Hip thrusters have taken gyms by storm― mainly through their social media popularity. This glute building exercise isn’t just for the ladies. Men have learned that strong glutes are actually critical to overall strength and healthy posture.
Exercises where you can build overall strength and lift a lot of plates (ie. squats, deadlifts, olympic lifts and even the bench press) require strong glutes. Glutes help extend the hips during squats and deadlifts – two moves that are a valid judge of strength and athleticism. Glutes also play a crucial role in stabilizing the torso and core, which holds people back on moves like the bench press and barbell row. The hip thruster is one of the best ways to isolate the glutes and take it from from a weak point to a strength.

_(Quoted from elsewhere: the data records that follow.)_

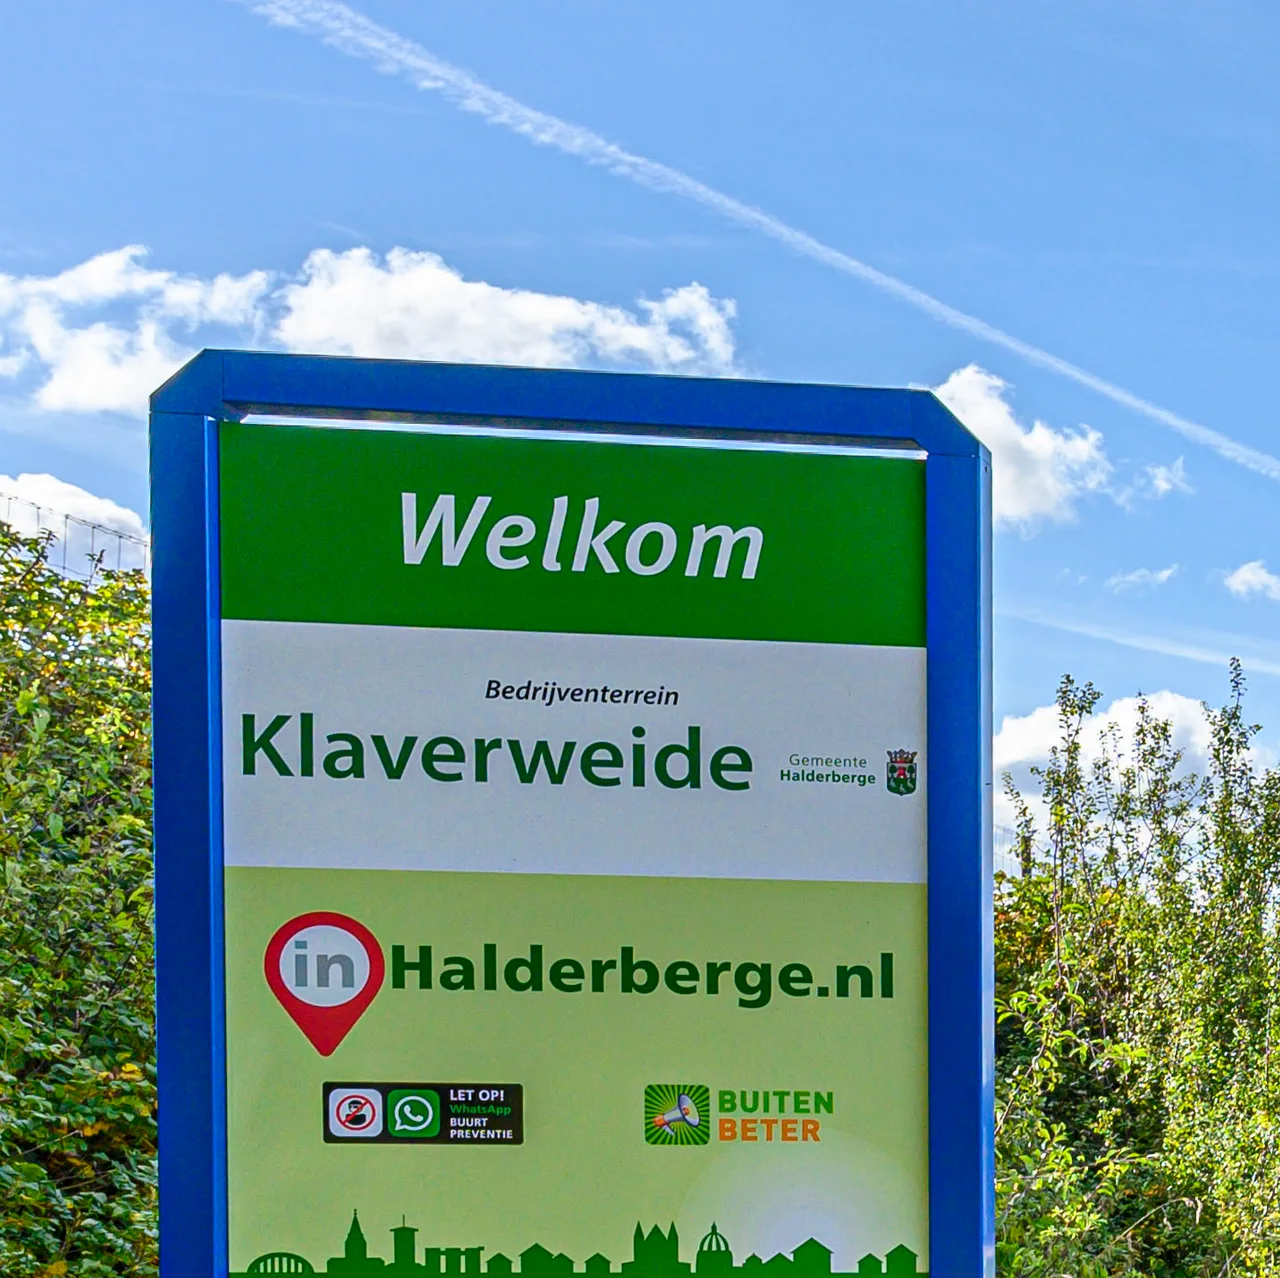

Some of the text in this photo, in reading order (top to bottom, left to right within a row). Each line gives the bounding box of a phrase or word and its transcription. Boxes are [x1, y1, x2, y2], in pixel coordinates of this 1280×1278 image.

[399, 491, 765, 581] Welkom
[484, 677, 680, 708] Bedrijventerrein
[240, 711, 755, 792] Klaverweide
[789, 753, 868, 768] Gemeente
[780, 769, 877, 787] Halderberge
[292, 939, 896, 1009] in Halderberge.nl
[449, 1089, 505, 1102] LET OP!
[718, 1090, 834, 1114] BUITEN
[449, 1104, 512, 1117] WhatsApp
[449, 1117, 489, 1128] BUURT
[718, 1118, 821, 1142] BETER
[449, 1128, 514, 1140] PREVENTIE

A good test of glute strength is starting with a hip bridge. See if you can comfortably hold it for 30 seconds without shaking. If you’ve got that down, you can move on to single leg glute bridges working for 3 sets of 10 reps on each leg. Then up the ante and set yourself up on a bench so only your shoulders are resting on the bench. From there you can use your bodyweight as resistance while thrusting your hips up into a bridge. While you see many proud Instagram moments with heavy barbell weight across the hips, the next progression is actually doing this same motion with a single leg on the ground and the other leg floating parallel to the ground as you are at the top of the bridge. Be sure to keep the hips level with the ground when performing the single leg.
While you certainly can add weight to the exercise, doing bodyweight thrusters with correct form will have your glutes burning! You’ll be doing the most popular glute exercise in the most safe and effective way!